If no effective countermeasures are implemented, the French sector will not be able to deal with this unfair competition, particularly since:

  • EU antidumping duties on Indonesian biodiesel (palm oil) might also be reduced, thus removing any obstacle to the massive imports of biodiesel from Indonesia;
  • The growth in the European market of hydtrotreated vegetable oils (HVO) for the production of biodiesel is accelerating, favored by the development of less expensive palm oil imports and the imminent opening of an HVO biodiesel production site in La Mède (Bouches-du-Rhône);
  • In the context of plans to revise the European Directive on renewable energies (RED II), which should to be adopted by early 2018, the European Commission is expecting to halve the share of 1st generation biofuels used for transport between 2020 and 2030. That share would then be fixed at a maximum of 3.8% in 2030, while in France it reaches up to 8%.

In no case does this plan for recourse to part-time operation affect the determination of the AVRIL Group and its subsidiary SAIPOL to pursue the production of biodiesel, a renewable energy that contributes to energy transition and to preserving and developing this market for French oilseed production.
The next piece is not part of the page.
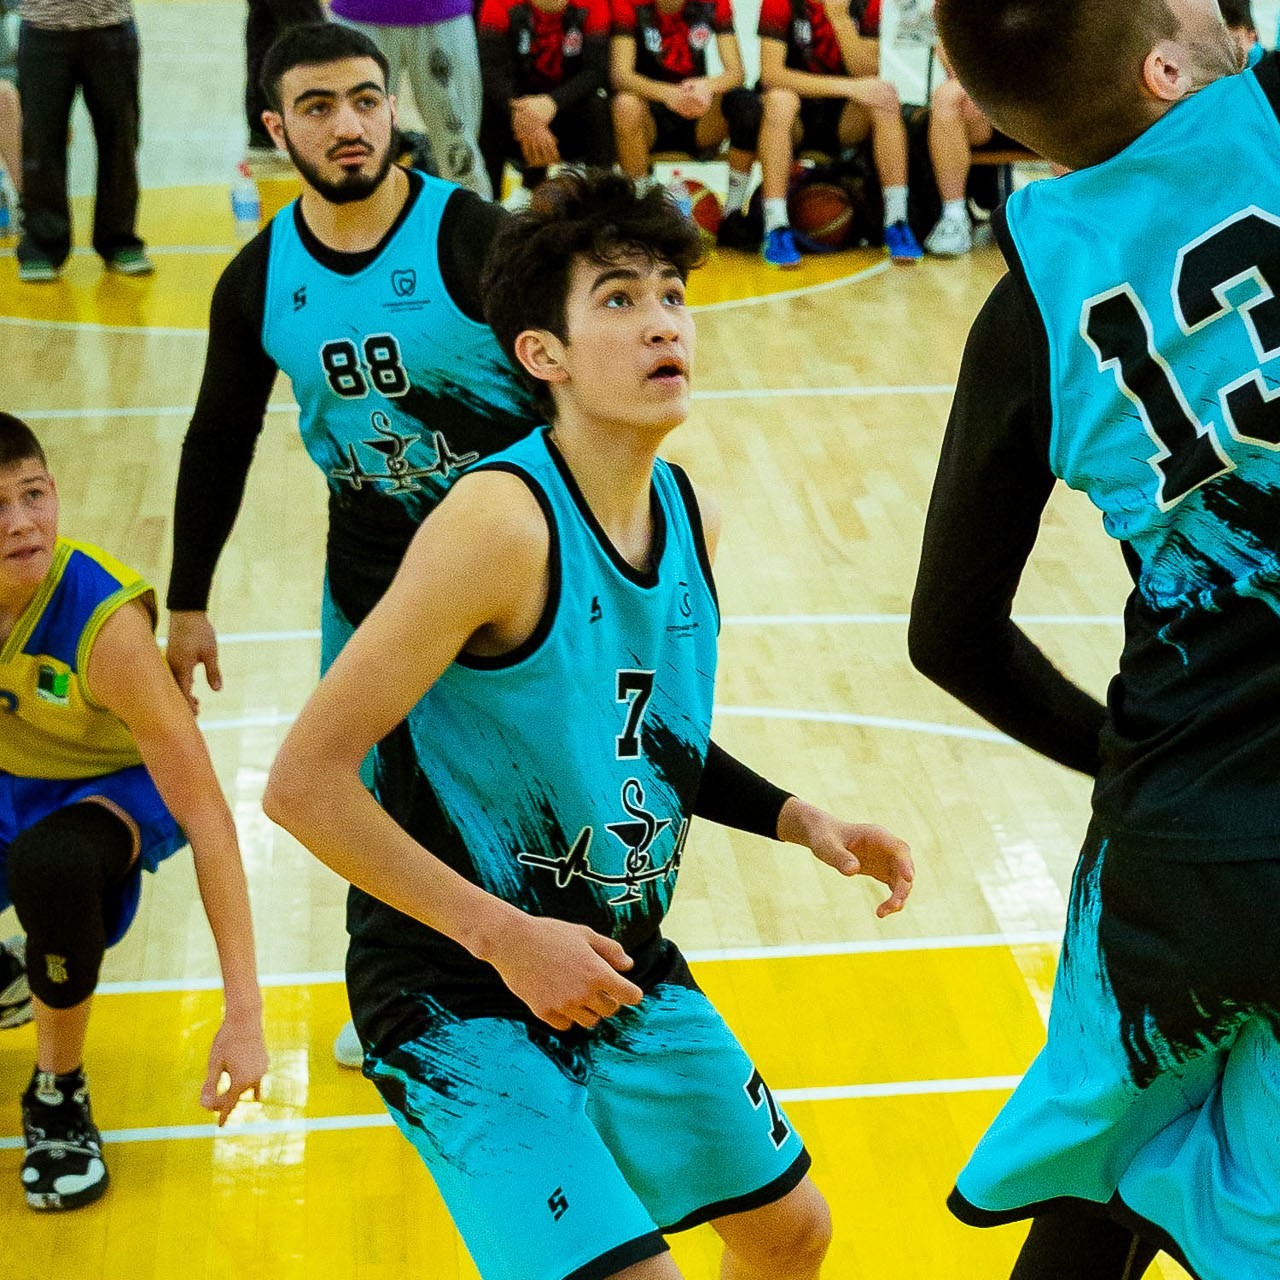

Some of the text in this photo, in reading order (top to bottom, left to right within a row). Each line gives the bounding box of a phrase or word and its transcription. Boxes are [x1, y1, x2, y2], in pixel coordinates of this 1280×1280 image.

[320, 331, 411, 400] 88
[616, 669, 656, 760] 7
[743, 1067, 790, 1151] 7
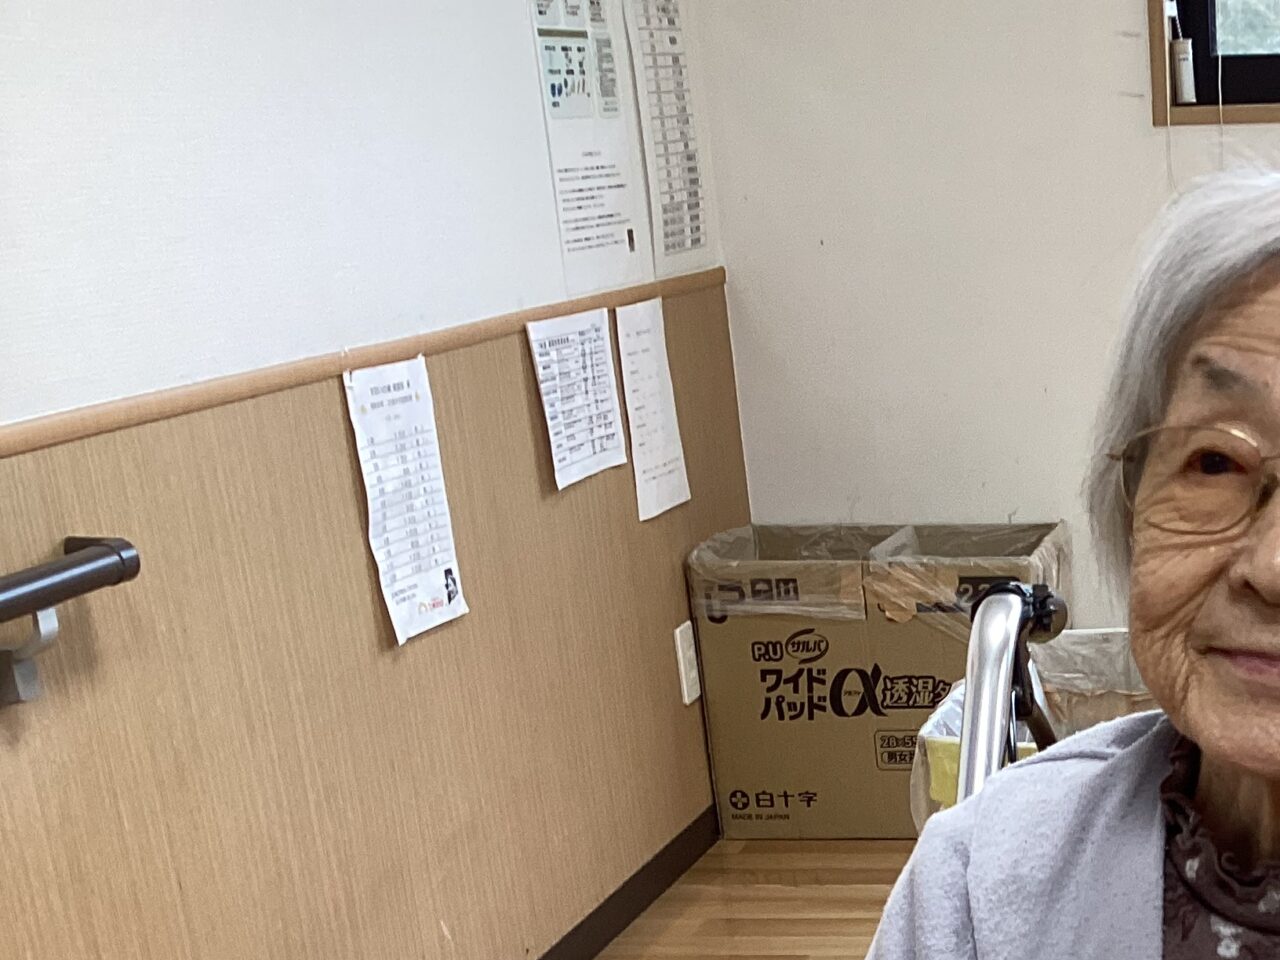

1 These duties are now between 4.5% and 8.1%, as opposed to the rates of 22% to 25.7% introduced in November 2013.
2 Argentina has introduced differential export duties on its biodiesel production ; the country applies a 27% tax rate on exports of soybean oil but of only 0.13% on those of the resulting ester, which is equivalent to a 26.87% subsidy for exports of this ester.

*** Press contact:
Tom Doron +33 (0)1 78 14 80 09 / +33 (0)6 26 28 39 94 tom.doron@groupeavril.com

About Saipol:
An AVRIL subsidiary, SAIPOL produces and sells in France refined vegetable oils for human foods, protein-rich oilseed meals for livestock feeds, biodiesel under its brand Diester® which is incorporated at a rate of 7-8% in the fuel for diesel vehicles in France, and vegetable glycerin which has numerous industrial applications.

About the Avril Group:
Avril is the industrial and finance actor of the French oilseeds and proteins sectors.
Set up in 1983 at the initiative of French farmers in order to assure long-term markets for French products, Avril has become a major industrial and financial group that is developing in France and internationally.
It is present in sectors as diverse as human foods, animal feeds and expertise, renewable energies and chemistry, and owns a portfolio of strong brands that are leaders in their markets: Diester®, Sanders, Lesieur, Puget, Matines, Bunica, Taous, etc.
In nearly 35 years, the Group has changed in size but its purpose has remained the same: to create sustainable value in the vegetable oils and proteins sector while contributing to better foods for humans and preservation of the planet.
To fulfil its mission, Avril draws strength from its industrial activities organized around plant production and livestock sectors, and from its financial arm which operates through Sofiprotéol, its finance and development company.
In 2016, the Avril Group achieved turnover worth €5.9 billion. It counts 7200 employees working in 21 countries.